Descriptive statistics were used to summarize composite measures of the impact on OS, QoL, and safety of all medicines included in this analysis. Krippendorff’s α coefficient was used to measure the level of agreement among HTA agency assessments of the clinical benefits of treatment, and to inform our interpretation of results.29 Because reliability standards should relate to local requirements,30 our interpretation of this statistic focuses on the difference between coefficients. For convenience, however, we take an α level of .67 or greater to indicate a high level of agreement.30 Finally, to attempt to externally validate our results, we sought informal feedback on our analysis from 2 medical experts from the FDA. After providing their informed consent to participate anonymously, both experts were given a written description of our methods and a copy of all results. They were asked to review all materials and provide feedback as to whether our synthesis was consistent with their own perception of the impact from new cancer medicines on clinical therapy in the United States. Please see the eMethods section in the Supplement for further details on our methodology as well as a discussion of potential limitations.

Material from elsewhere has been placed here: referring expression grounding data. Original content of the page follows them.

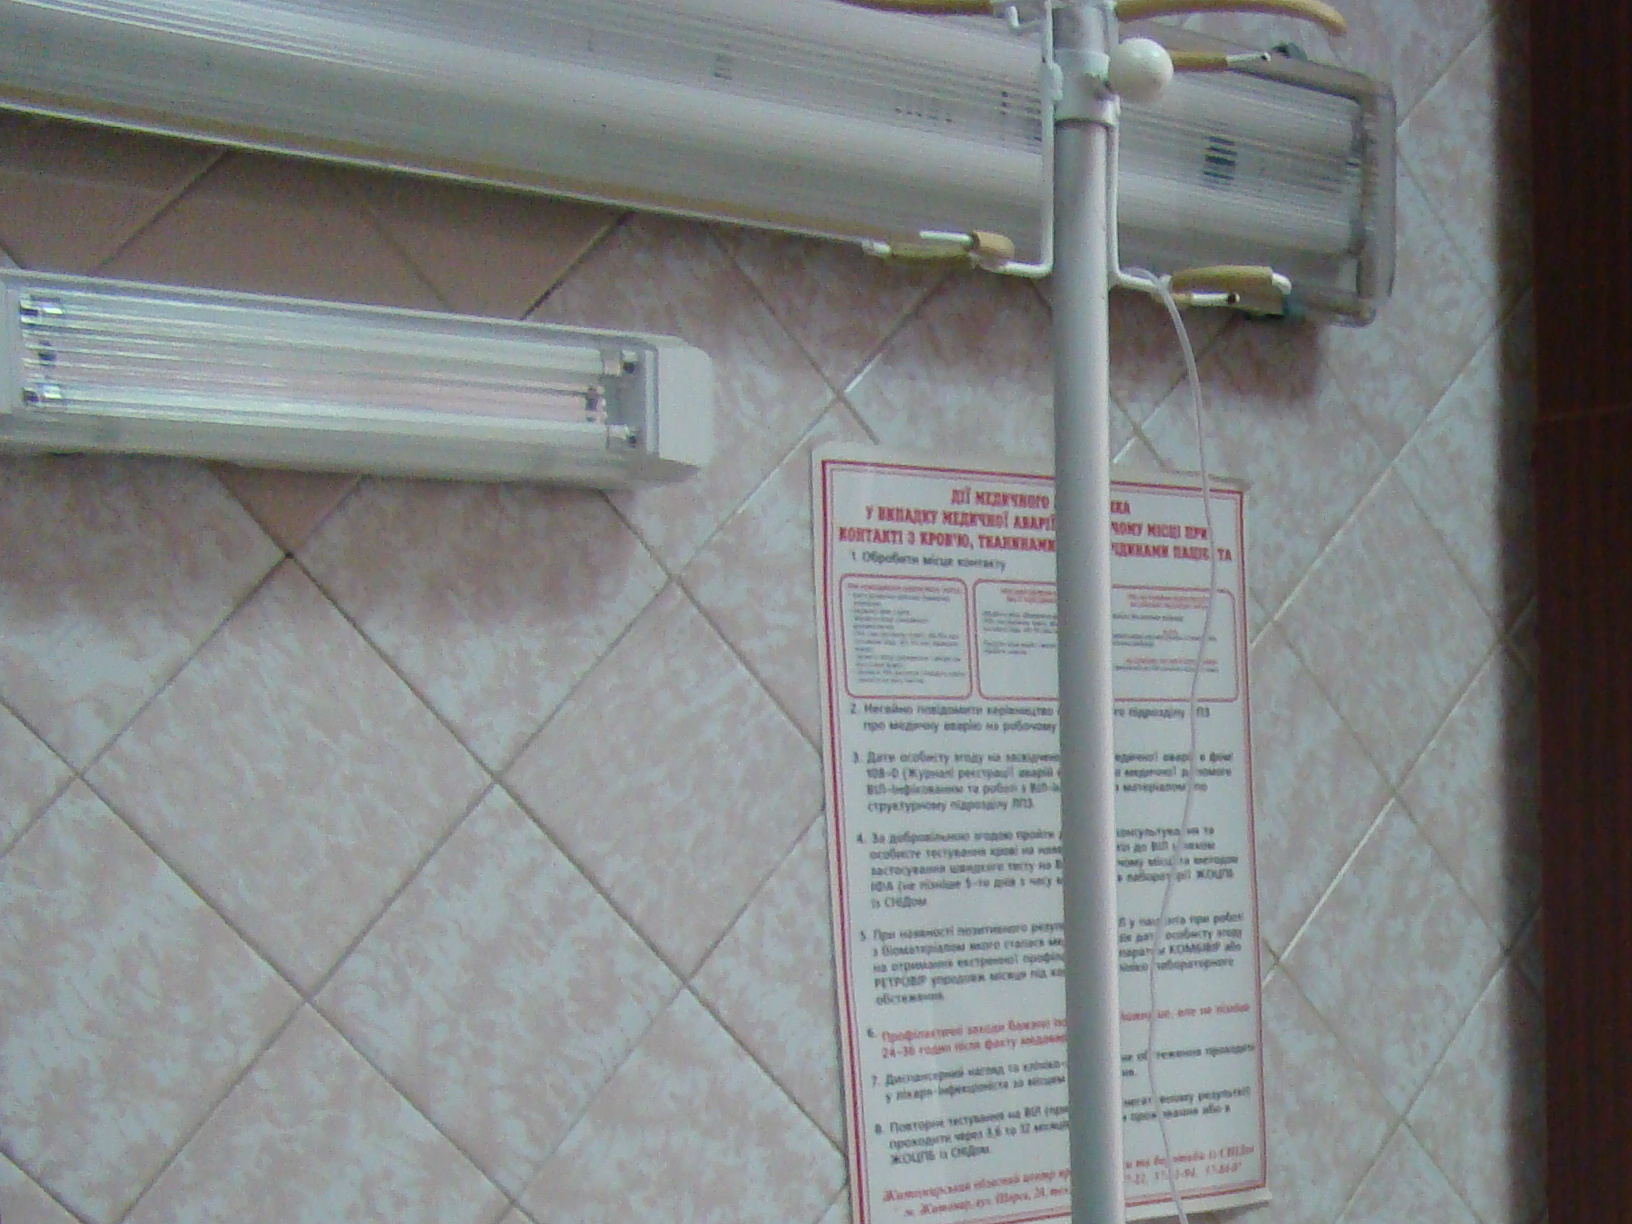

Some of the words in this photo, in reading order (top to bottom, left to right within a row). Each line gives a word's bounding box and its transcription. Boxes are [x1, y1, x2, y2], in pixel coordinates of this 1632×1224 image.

[975, 491, 1050, 509] МЕДИЧНОГО
[865, 505, 873, 520] У
[878, 506, 938, 525] ВИПАДКУ
[839, 527, 903, 545] КОНТАКТІ
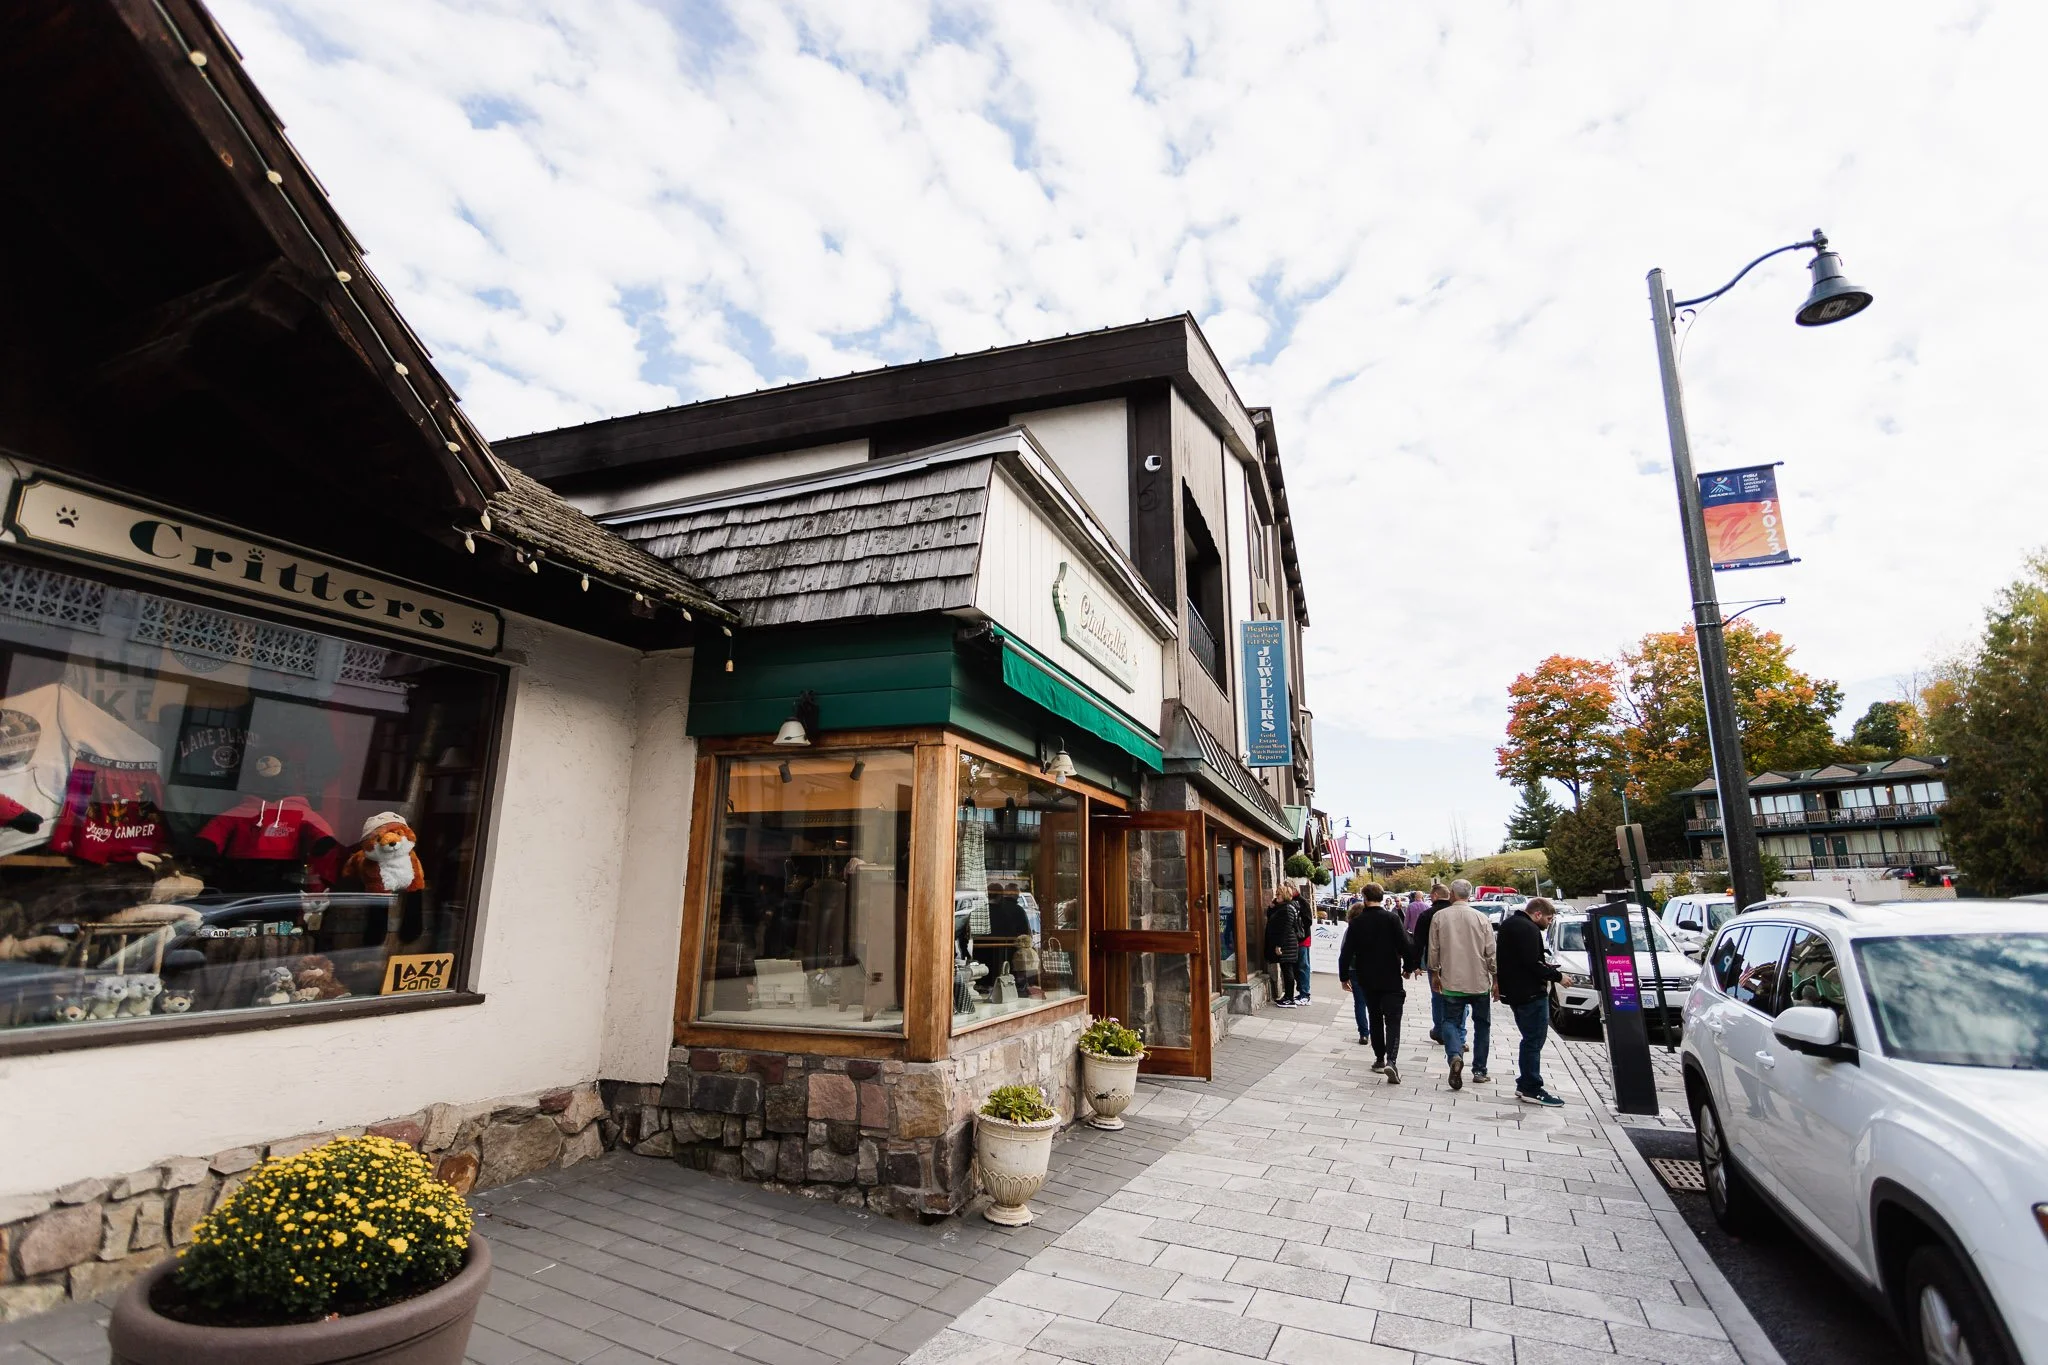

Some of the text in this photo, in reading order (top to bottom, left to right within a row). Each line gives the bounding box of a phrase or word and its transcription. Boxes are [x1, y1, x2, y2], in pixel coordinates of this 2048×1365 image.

[1761, 500, 1780, 555] 2023
[130, 520, 444, 629] Critters
[1257, 646, 1275, 731] JEWELERS
[180, 728, 215, 758] LAKE
[114, 823, 155, 839] CAMPER
[1605, 919, 1621, 939] P
[392, 958, 449, 991] LAZY
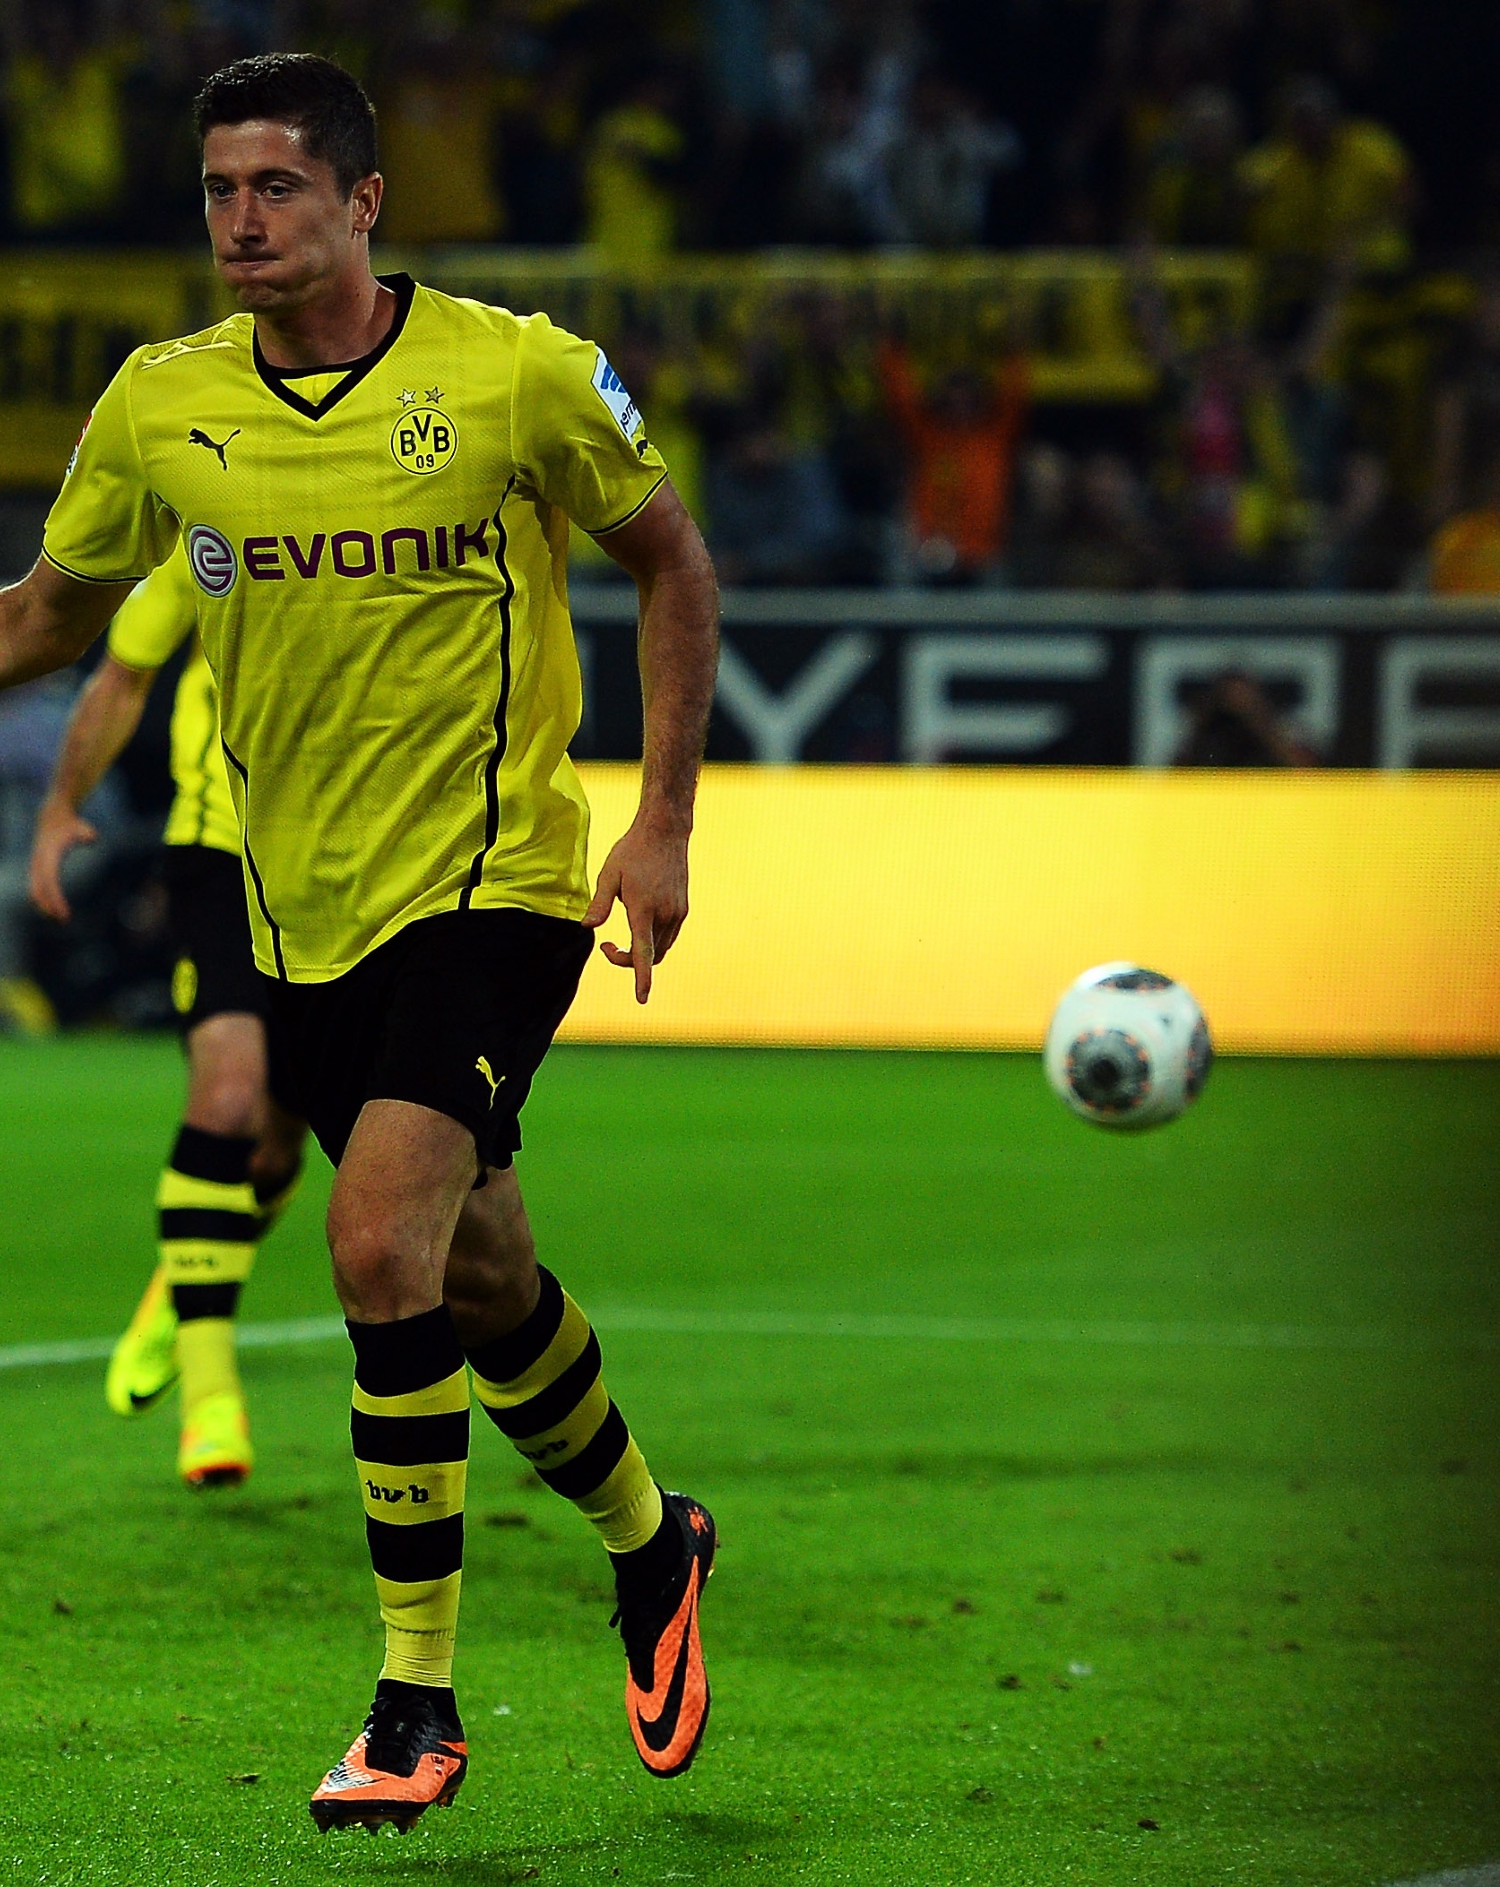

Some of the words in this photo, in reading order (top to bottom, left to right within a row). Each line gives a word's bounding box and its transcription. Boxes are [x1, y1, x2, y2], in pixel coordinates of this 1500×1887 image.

[399, 413, 451, 457] BVB
[415, 453, 435, 469] 09
[242, 517, 490, 581] EVONIK
[365, 1479, 430, 1504] bvb
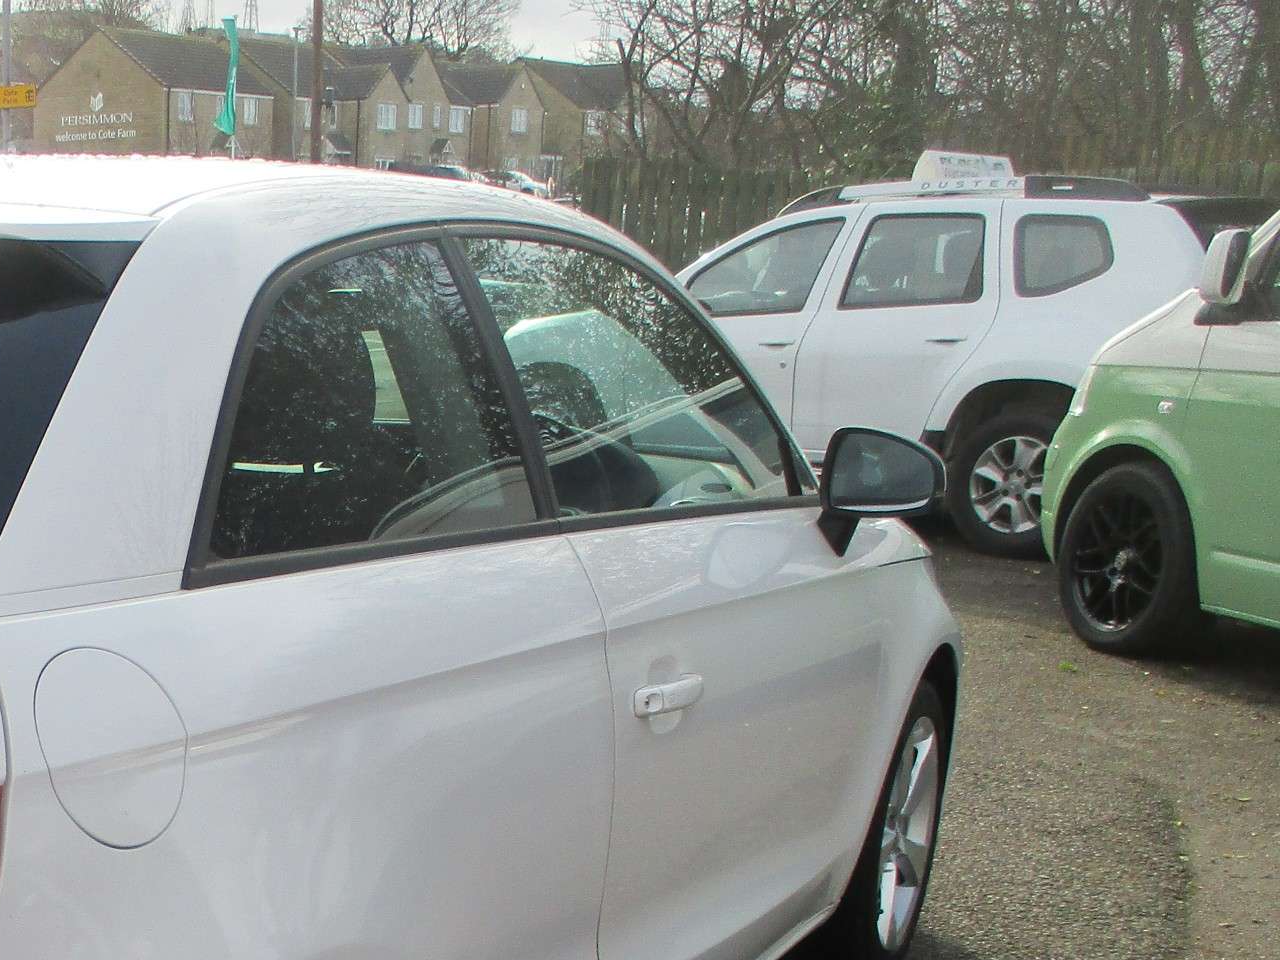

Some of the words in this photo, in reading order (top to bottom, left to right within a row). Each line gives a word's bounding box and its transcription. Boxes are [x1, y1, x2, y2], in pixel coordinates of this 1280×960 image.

A total of 62 new active cancer molecules were eligible for this study (Figure 1), 4 of which were approved by the EMA but not the FDA through May, 2015. Molecule descriptors are provided in eTable 2 in the Supplement. Of those 62 drugs, 53 (85%) were assessed for OS by at least 1 of the 3 international HTA agencies considered through May, 2015. The remaining 9 molecules may have been evaluated after our study end-date, not have been reviewed by HTA agencies if considered low-priority,33 or may have been rejected by European (EMA) or national licensing authorities. Of the 53 drugs that were included in this study, 35 drugs were assessed by all 3 agencies, 7 were assessed by 2, and 11 were assessed by 1 agency. In most cases, HTA agency assessments were based on the same set of comparators (eTable 2 in the Supplement).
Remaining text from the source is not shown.